Issue Date: August 6, 2012
Indian Biopharmaceutical Pioneer Kirin Mazumdar-Shaw Wants To Reinvent The Drug Industry
Hosting a discussion on biopharmaceutical industry leadership at the Biotechnology Industry Organization’s annual convention in Boston in June, Fareed Zakaria grilled a panel of industry and government leaders from the U.S., Turkey, India, and South Africa. Zakaria, who has covered international affairs for Newsweek, Time, CNN, and other news organizations, zeroed in on one panelist in particular: Kiran Mazumdar-Shaw, founder and managing director of Biocon, India’s largest biopharmaceutical company.
Mazumdar-Shaw, a business pioneer and philanthropist who has been called the richest self-made woman in India, is the kind of global rock star that Zakaria thrives on interviewing. And she did not disappoint in Boston. Her observation that the process for bringing pharmaceuticals to market is unsustainable became the focal point of the discussion. The point was made all the more interesting with Mazumdar-Shaw’s contention that the cycle of innovation, development, and commercialization in pharmaceuticals may be reinvented in Asia.
Mazumdar-Shaw is forcefully outspoken, which one would expect of a person who breaks the gender barrier in India. She is also a pragmatist. When faced with the insurmountable resistance she encountered trying to become a female brewmaster at her father’s brewery in the 1970s, Mazumdar-Shaw decided instead to put her biotech-heavy degree from Australia’s Melbourne University to work in an industry in which a male-dominated culture was less well established: pharmaceuticals.

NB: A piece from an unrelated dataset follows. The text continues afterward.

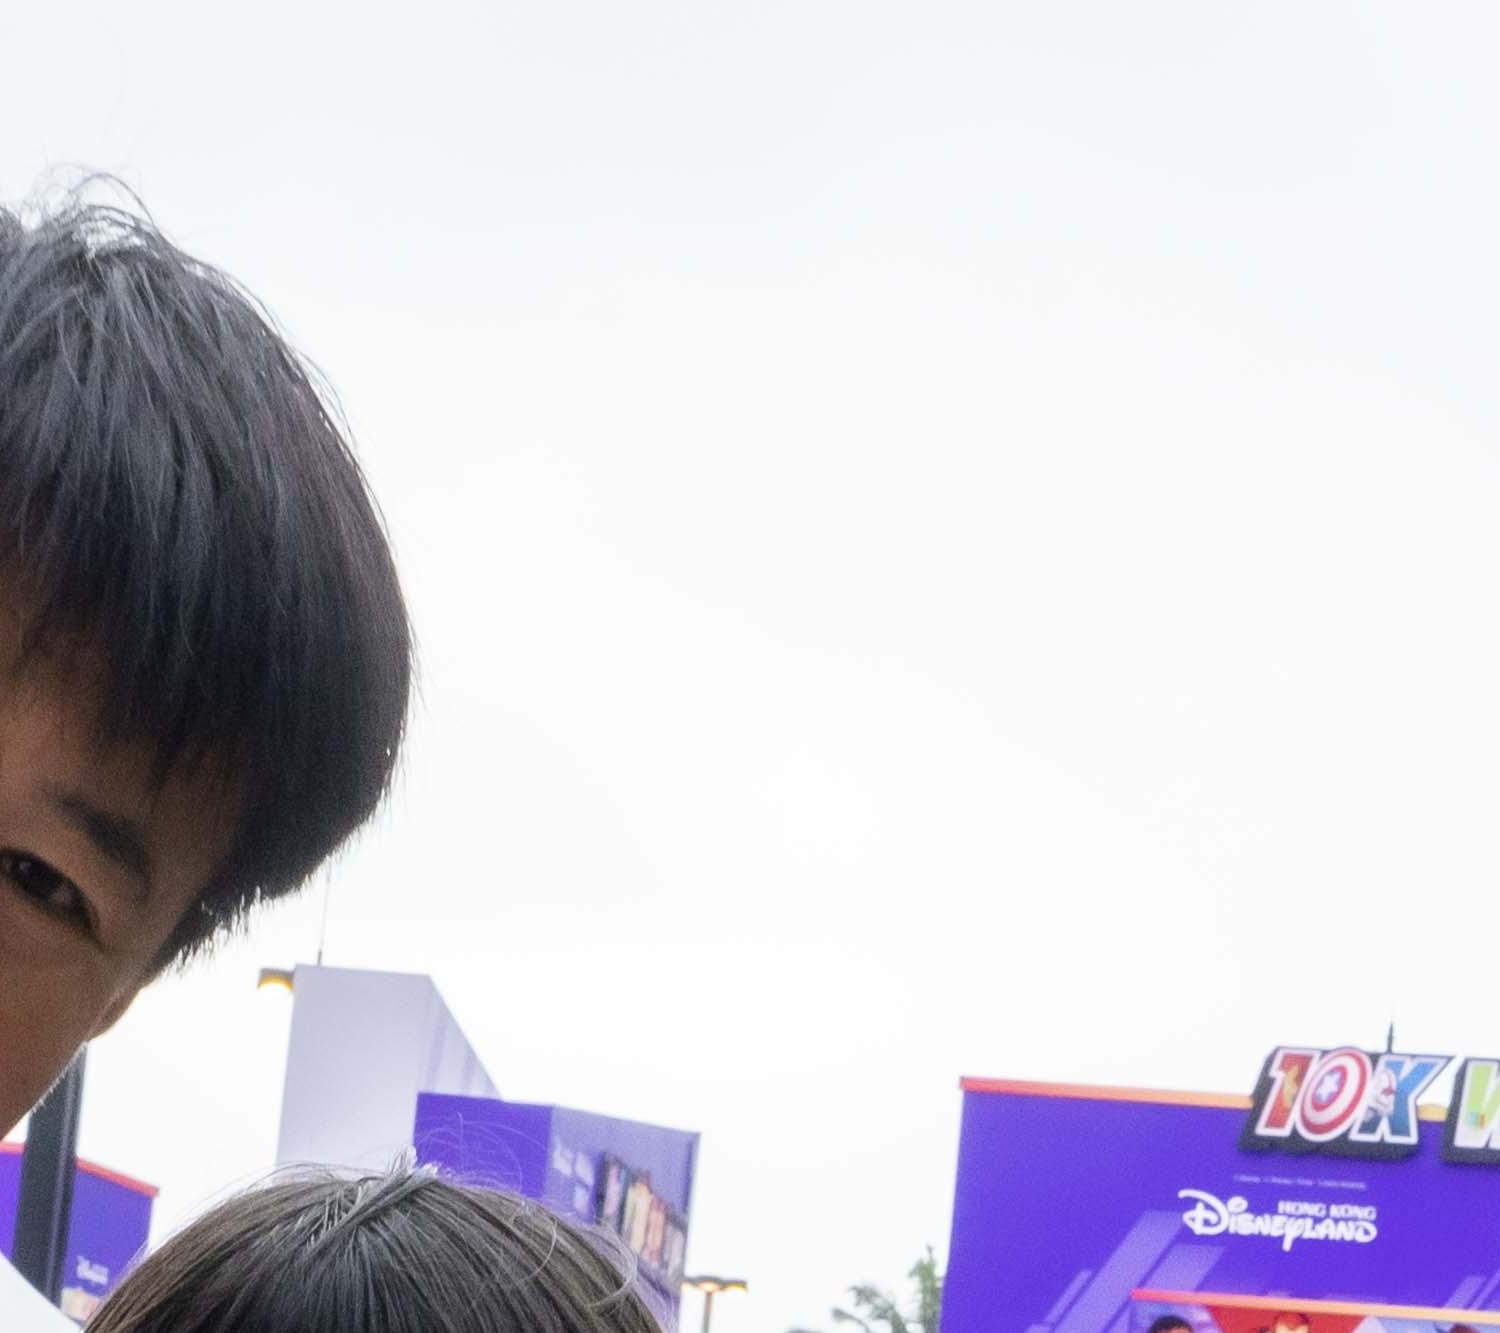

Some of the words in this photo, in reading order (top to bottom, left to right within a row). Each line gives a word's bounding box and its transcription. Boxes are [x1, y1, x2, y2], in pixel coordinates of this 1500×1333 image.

[1248, 1046, 1452, 1152] 10K
[1278, 1199, 1327, 1218] HONG
[1330, 1203, 1378, 1222] KONG

But a business pioneer in the drug industry cannot avoid the kind of regulatory barriers that Mazumdar-Shaw views as roadblocks to innovation and to health care in the developing world. This time she is committed to trying to change an established system.
In an interview with C&EN after the panel, Mazumdar-Shaw turned the discussion promptly to regulators’ hang-ups over new technology—a phenomenon that extends well beyond the pharmaceutical enterprise. “Why is it that the tennis federation is so reluctant to adopt the Hawk-Eye?” she asked, referring to a computer that tracks a ball’s trajectory in a tennis match. “It is a simple, technological intervention that basically removes all human error from judgment.”
The situation on the tennis court exemplifies reluctance by any regulatory entity to cede authority to new technology, regardless of its usefulness, Mazumdar-Shaw said. In the drug industry, new technology promises to cut the decade-long odyssey of drug discovery, development, and human clinical trials.
“There is so much in vitro, in vivo, and in silico technology available today to look at safety and look at efficacy,” she said. The use of these technologies allows for smaller, more targeted trials that “shrink timelines and cost of development.”
Instead, Mazumdar-Shaw said, the authorities are pushing in the opposite direction. Faced with both an onslaught of new science and the need for drugs that address unmet medical needs, Western regulators have raised the bar on proving a drug candidate’s safety and efficacy. Regulators are also hoping to stem the tide of so-called me-too drugs intended to compete with existing therapies in well-served markets.
Mazumdar-Shaw dismisses the argument that drugs create a public safety imperative mandating stricter oversight than many other regulated products. “So you think passenger safety is any less important than patient safety?” she asked. Yet aircraft makers don’t face a 12-year, all-or-nothing proposition when designing, developing, and commercializing an airplane. Nor, she added, does Boeing have to prove that it is making something fundamentally different than what Airbus already has on the market.
“So what if there are me-too drugs?” she asked. “Doesn’t that create a good choice for patients? By the way, there is no such thing as a me-too drug.” Mazumdar-Shaw argued that the industry’s path forward will be characterized by companion diagnostics and an increase in personalized medicine—both trends that depend on the availability of a broad selection of therapies.
India’s drug industry has started working with regulators to improve drug commercialization and access, Mazumdar-Shaw noted. For example, the Association of Biotechnology Led Enterprises, a trade association in the country, worked with Indian authorities to arrive at a guideline for biosimilars, and several Indian states have also installed an online system for managing drug supply chains.
“The next steps are to create electronic health records that will help to measure health outcomes, and disease-burden mapping to better forecast inventory and budget planning. Once all this is done, it will be among the most advanced models globally in terms of affordable health care,” Mazumdar-Shaw said.
But can Asia also lead the way on cutting developmental costs and timelines? Perhaps, Mazumdar-Shaw said, once international regulatory authorities establish mutual recognition of regulatory approvals. But what is more certain is that new technology will inevitably make its way into the system.
“If you ignore what technology has to offer,” she said, “somebody sooner or later is going to adopt that technology, whether patient advocacy groups or some smart company in some geographic area you never thought was possible.”